(WHAT THIS TASK INVOLVES) Extract the text of each entry below exactly, leaving every image behind.

(EXERCISE MATERIALS)
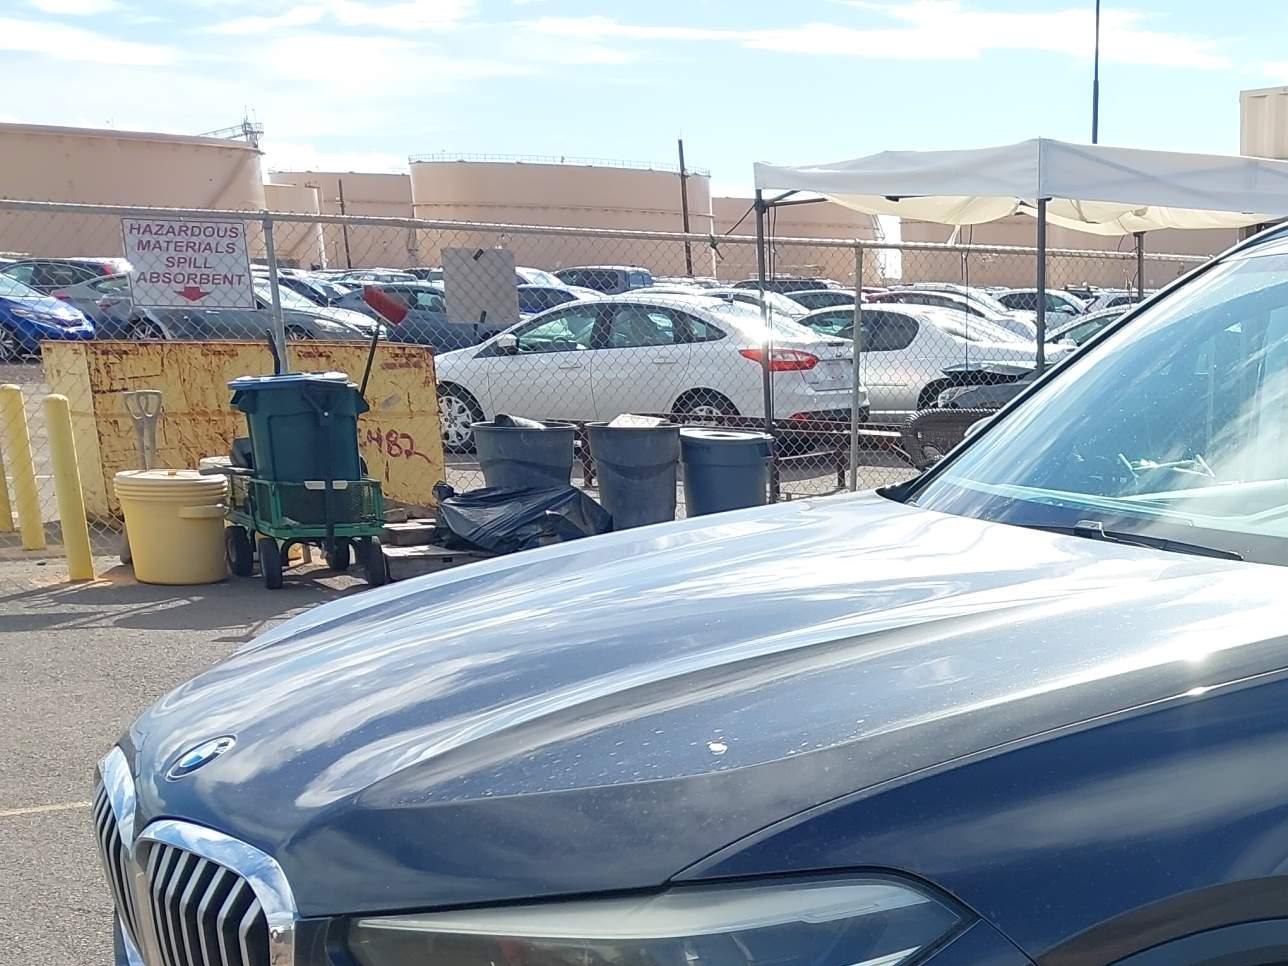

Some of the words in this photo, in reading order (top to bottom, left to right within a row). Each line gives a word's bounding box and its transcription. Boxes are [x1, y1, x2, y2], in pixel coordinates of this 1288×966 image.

[129, 223, 239, 239] HAZARDOUS
[137, 240, 236, 254] MATERIALS
[165, 256, 213, 269] SPILL
[136, 272, 245, 286] ABSORBENT

(SOLUTION FOR THIS PROBLEM)
Some of the words in this photo, in reading order (top to bottom, left to right within a row). Each line gives a word's bounding box and its transcription. Boxes are [x1, y1, x2, y2], in pixel coordinates of this 1288×966 image.

[129, 223, 239, 239] HAZARDOUS
[137, 240, 236, 254] MATERIALS
[165, 256, 213, 269] SPILL
[136, 272, 245, 286] ABSORBENT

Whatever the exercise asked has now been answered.